She loves York-based brand Judi Rosen for this reason, who she says is making "some of the best women's jeans today." She loves many of the label's cuts, but is particularly into the skinny-straight GBU "with seams that hug the body beautifully." She loves the "quality stretch denim that'll give you the 'Judi Butt,'" the quirky seam details, and the back pocket shape. "100 percent my next denim purchase for fall," she confirms.

Lastly, Delisle suggests these, by Everlane for "great, basic no-frills jeans — and possibly the only jean you won't need to get hemmed!" Be prepared, these are true skinny jeans in the 2003 sense of the word (the type that cling to the ankle even if you're petite). They come in both 26 ¾ and 28 ¾ inseams, and are available in a curvy fit. "The Cheeky is probably their most popular style, and that is great on petites," she adds.

Hernandez loves these "super soft and comfy" relaxed fit jeans, created by five-foot-three founder of Djerf Avenue, Matilda Djerf. A washed-out blue shade with vintage-effect creases and dark yellow seams, Hernandez considers them to be the perfect comfy baggy jean "that actually fits my petite frame great." She also likes that they're "sustainably and consciously made", plus they're 100 percent cotton. The style has been reworked since it first launched to include a longer crotch.

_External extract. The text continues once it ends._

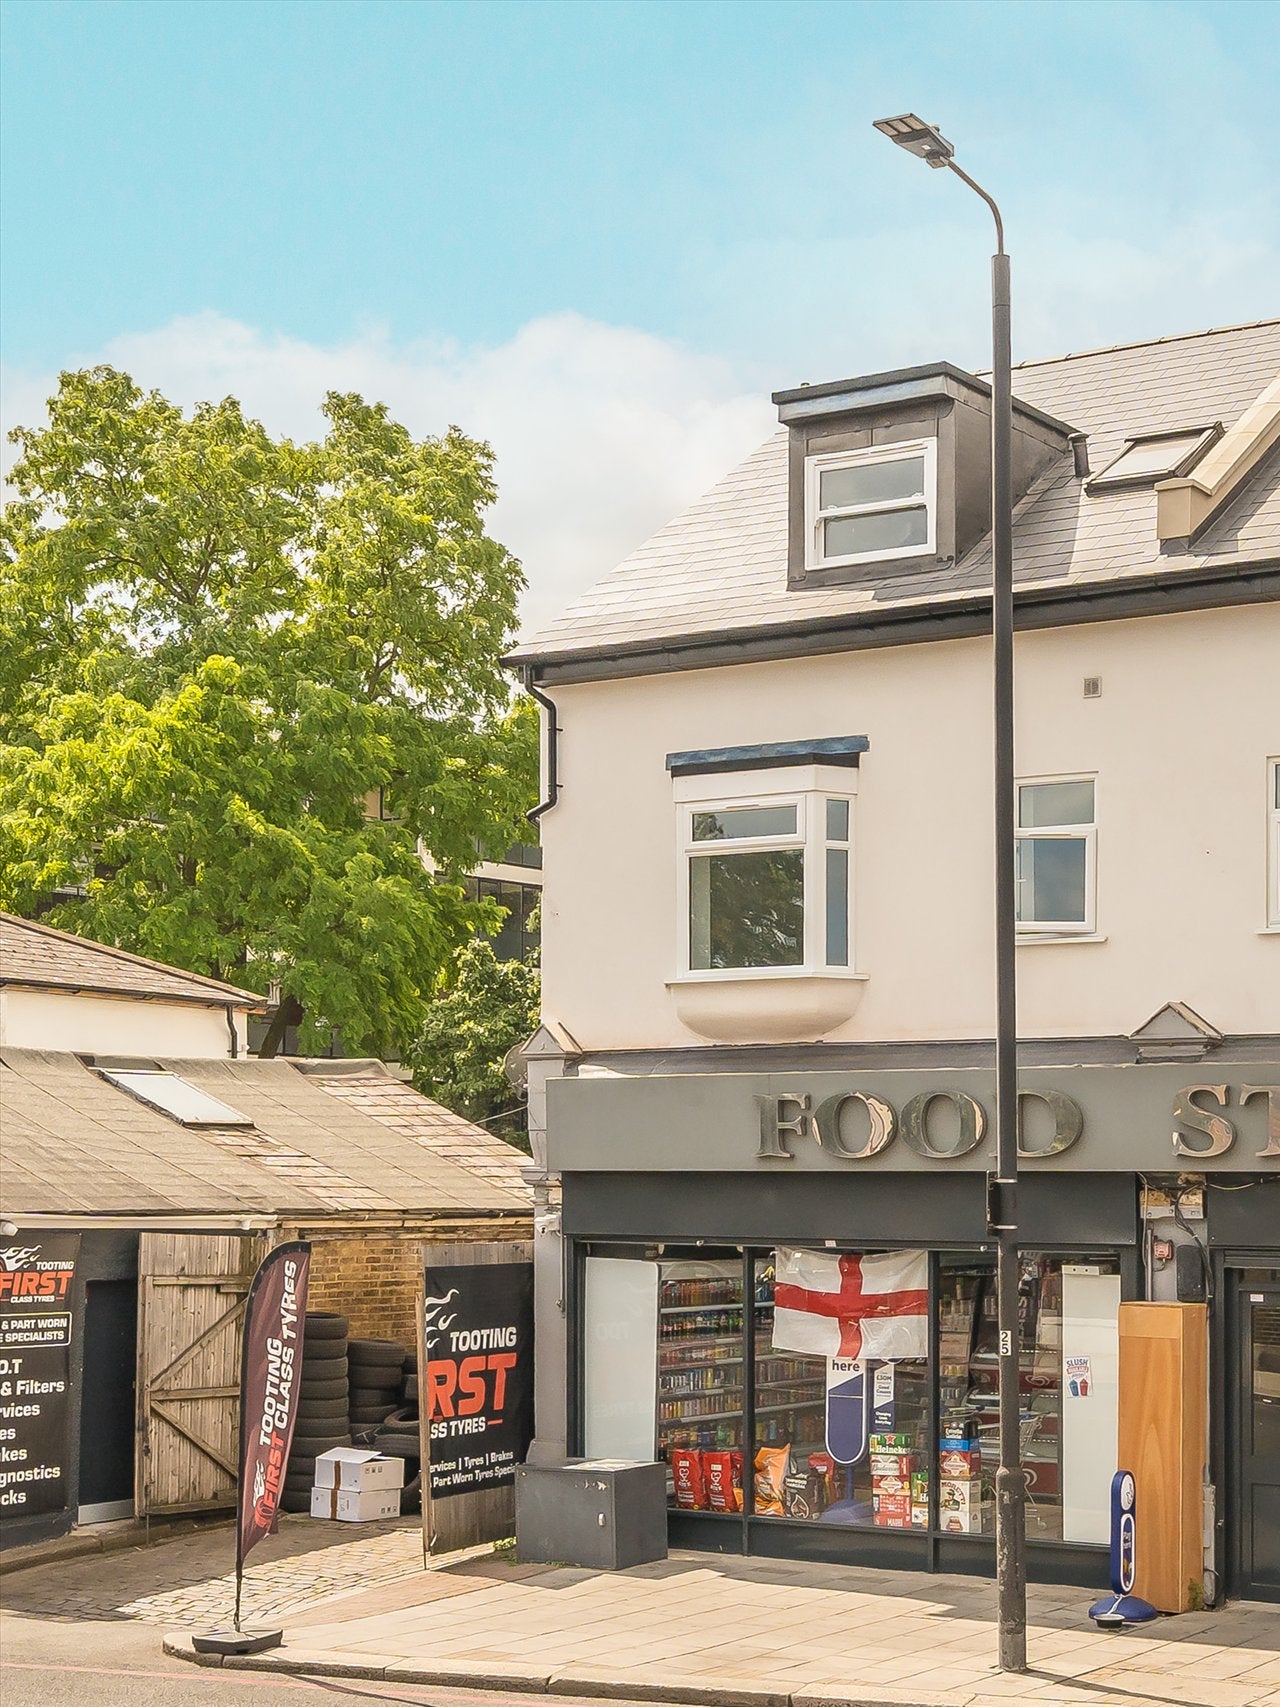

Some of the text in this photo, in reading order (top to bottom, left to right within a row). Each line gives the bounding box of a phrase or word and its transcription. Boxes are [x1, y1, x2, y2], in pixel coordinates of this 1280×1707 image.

As a denim tailor, Deslile usually prefers a more wear-and-tear approach to denim, but appreciates these petite, 100 percent cotton women's boyfriend-cut jeans by Chimala, with cropped lengths — perfect for petites — and "a very vintage slouchy feel." The tapered cut comes with a higher level of distressing and fade on the thighs, if that's your vibe.

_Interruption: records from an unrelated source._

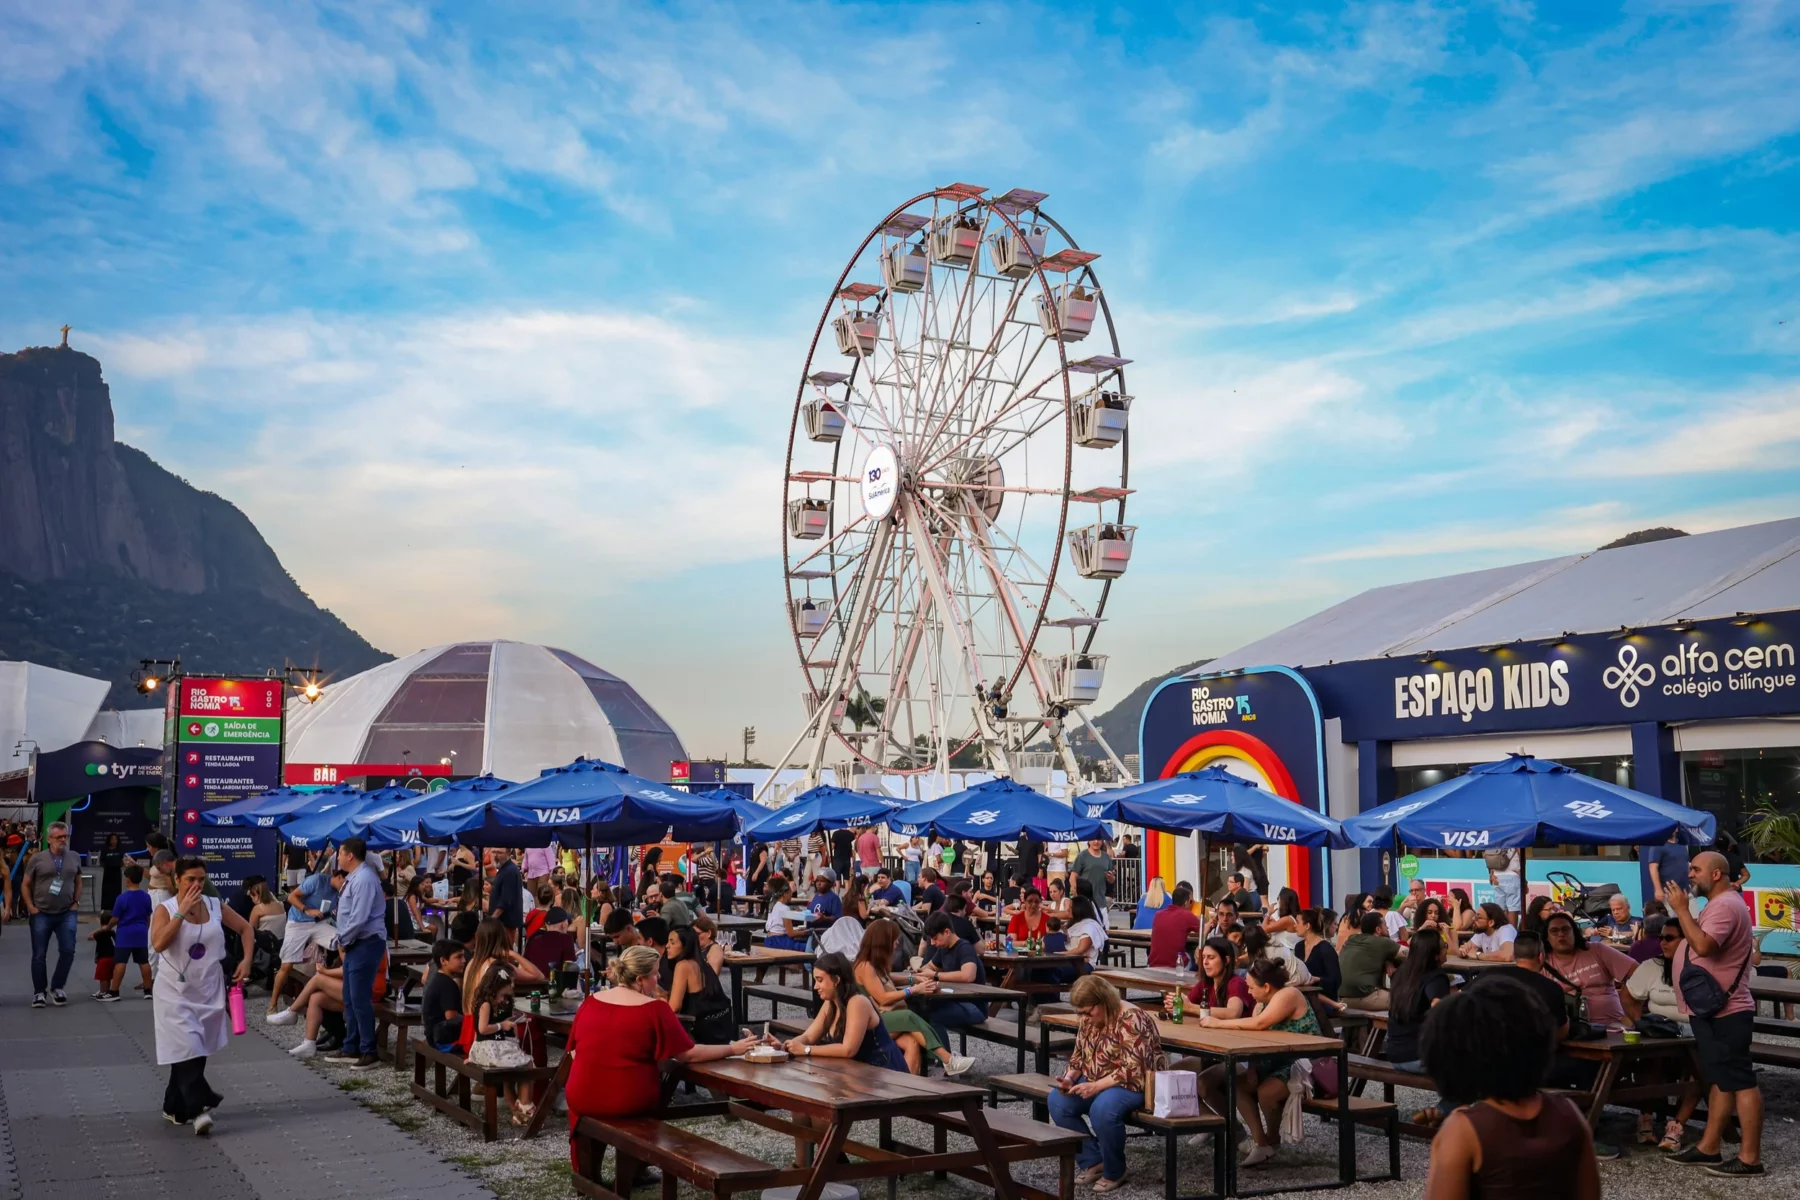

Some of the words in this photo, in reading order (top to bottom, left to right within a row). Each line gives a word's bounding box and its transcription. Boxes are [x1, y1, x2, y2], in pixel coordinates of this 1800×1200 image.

[1661, 642, 1719, 676] alfa
[1724, 643, 1795, 671] cem
[190, 688, 207, 696] RIO
[1395, 667, 1494, 722] ESPAÇO
[1502, 659, 1570, 710] KIDS
[1662, 677, 1722, 698] colégio
[1728, 672, 1797, 693] bilíngue
[190, 695, 227, 704] GASTRO
[1191, 686, 1210, 701] RIO
[190, 702, 221, 710] NOMIA
[1191, 697, 1234, 713] GASTRO
[1235, 694, 1251, 715] 15
[223, 721, 246, 730] SAÍDA
[1192, 710, 1228, 726] NOMIA
[223, 730, 270, 739] EMERGÊNCIA
[111, 762, 137, 779] tyr
[313, 767, 337, 782] BAR
[535, 807, 581, 823] VISA
[1087, 804, 1103, 818] VISA
[217, 816, 234, 825] VISA
[257, 816, 275, 827] VISA
[844, 815, 871, 827] VISA
[399, 829, 423, 844] VIS
[901, 824, 918, 836] VISA
[1052, 831, 1079, 842] VISA
[1260, 823, 1297, 842] VISA
[1440, 830, 1490, 847] VISA
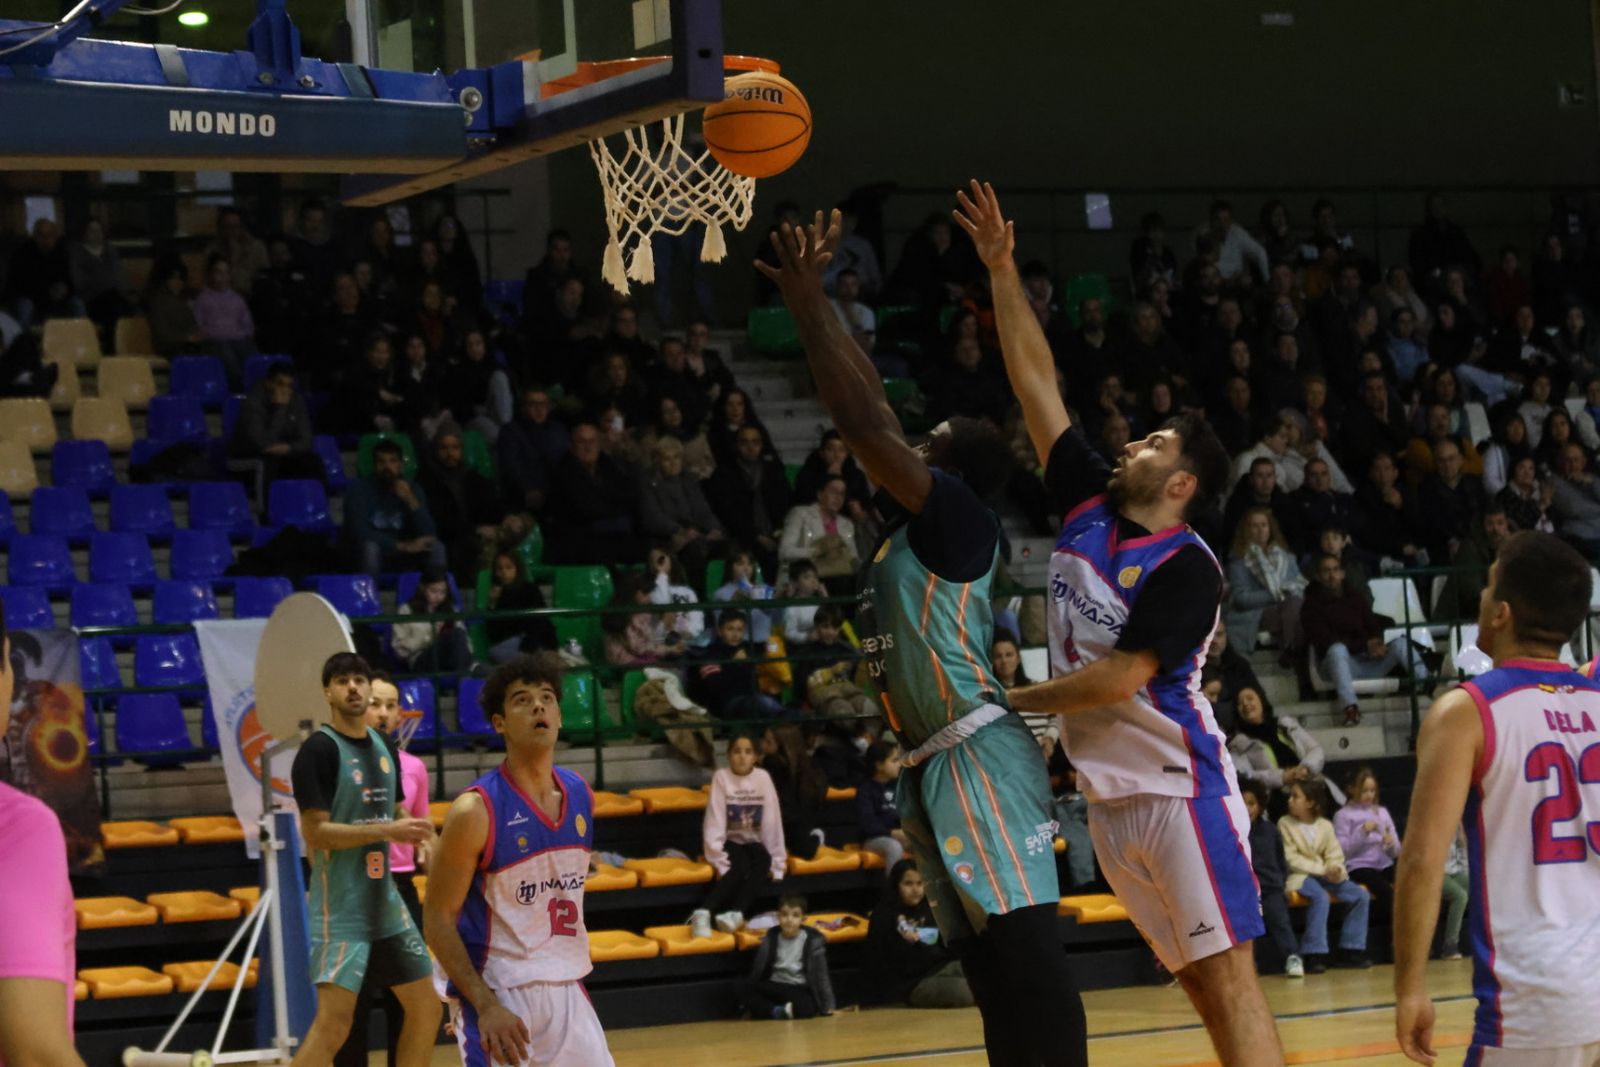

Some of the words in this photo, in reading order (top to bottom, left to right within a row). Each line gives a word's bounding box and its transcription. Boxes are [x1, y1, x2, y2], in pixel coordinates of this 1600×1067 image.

[169, 109, 276, 137] MONDO
[366, 851, 385, 879] 8
[547, 898, 579, 937] 12

"It can be so hard to find denim that is both plus size and petite," explains Tinsaye Berhanu, a five-foot-two petite-plus fashion influencer. But she says can often rely on Talbots, "which has a few great options including a classic straight cut that I really like." They're available with four different inseam lengths, and because of the 28.5-inch inseam on the petite fit, she says they're the perfect go-to pair of jeans for fall.

Craig often feels she's missing out on certain trends as someone shopping for petite-plus options. "However, Lane Bryant always has the latest styles and classic staples that fit me perfectly," she enthuses "from overalls to wide-leg jeans and every other style in between." She loves these statement paneled jeans, which come in regular, petite, short, and long inseams, from size 12 to 38/40, and styles them with a simple crop top with jeans and a pair of sneakers.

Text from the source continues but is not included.